What is being asked: Check each line of the entries below for the word "MARK", and copy the lines that have it.

Spatial localization data:
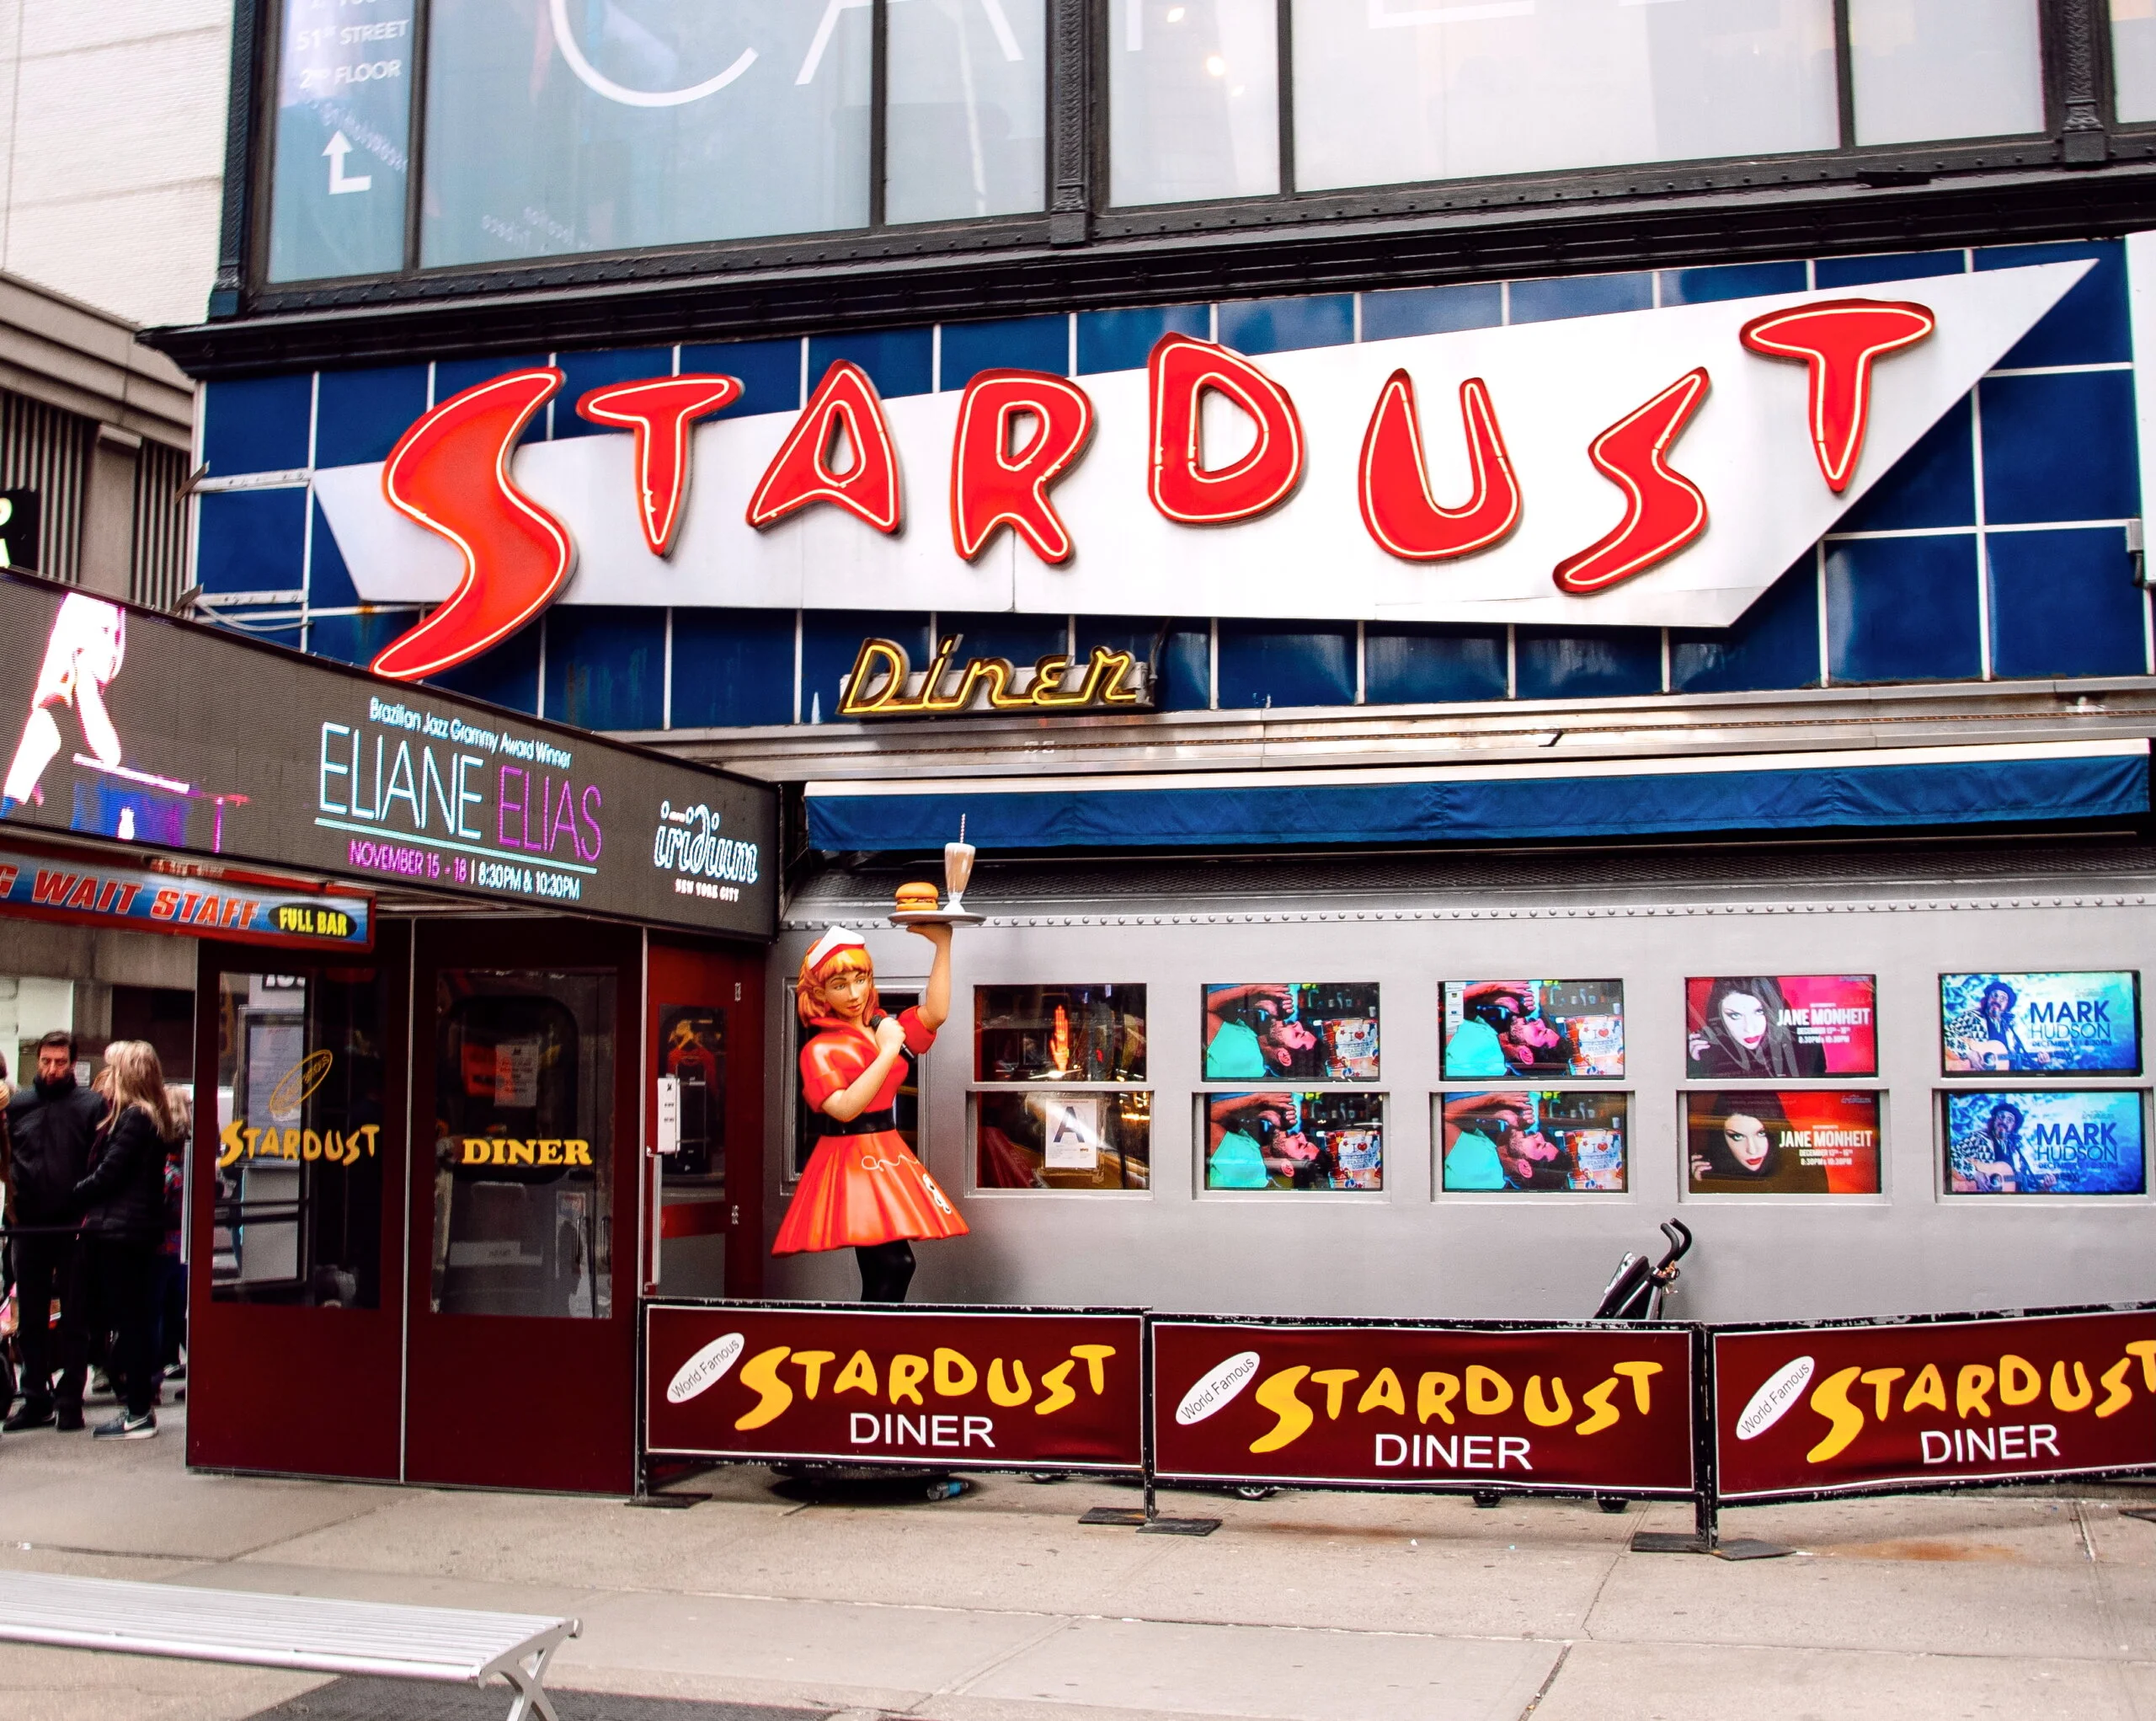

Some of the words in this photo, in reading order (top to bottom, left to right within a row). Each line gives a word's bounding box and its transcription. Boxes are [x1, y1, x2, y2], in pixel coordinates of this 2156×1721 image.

[340, 19, 409, 45] STREET
[334, 59, 402, 85] FLOOR
[370, 297, 1935, 679] STARDUST
[370, 696, 421, 731] Brazilian
[423, 712, 449, 740] Jazz
[450, 718, 499, 755] Grammy
[499, 732, 535, 760] Award
[536, 741, 573, 769] Winner
[319, 722, 484, 840] ELIANE
[498, 764, 602, 863] ELIAS
[348, 839, 424, 876] NOVEMBER
[426, 852, 440, 879] 15
[478, 861, 521, 893] 8:30PM
[523, 869, 532, 894] &
[535, 870, 580, 901] 10:30PM
[32, 869, 143, 913] WAIT
[150, 887, 260, 930] STAFF
[675, 879, 695, 895] NEW
[696, 881, 718, 899] YORK
[720, 886, 739, 902] CITY
[279, 907, 312, 934] FULL
[317, 911, 348, 937] BAR
[1777, 1008, 1810, 1026] JANE
[1812, 1007, 1870, 1026] MONHEIT
[2031, 1000, 2111, 1023] MARK
[2031, 1023, 2111, 1040] HUDSON
[1053, 1106, 1086, 1142] A
[1779, 1130, 1812, 1148] JANE
[1814, 1130, 1873, 1147] MONHEIT
[2036, 1122, 2117, 1146] MARK
[219, 1119, 380, 1168] STARDUST
[462, 1138, 592, 1167] DINER
[2036, 1145, 2118, 1162] HUDSON
[671, 1370, 702, 1398] World
[700, 1339, 739, 1375] Famous
[734, 1344, 1117, 1431] STARDUST
[1181, 1389, 1214, 1419] World
[1211, 1358, 1255, 1395] Famous
[1741, 1399, 1772, 1434] World
[1769, 1364, 1810, 1405] Famous
[1806, 1339, 2156, 1464] STARDUST
[1249, 1360, 1663, 1453] STARDUST
[851, 1412, 995, 1448] DINER
[1921, 1424, 2061, 1464] DINER
[1375, 1434, 1534, 1470] DINER

Task output:
[2031, 1000, 2111, 1023] MARK
[2036, 1122, 2117, 1146] MARK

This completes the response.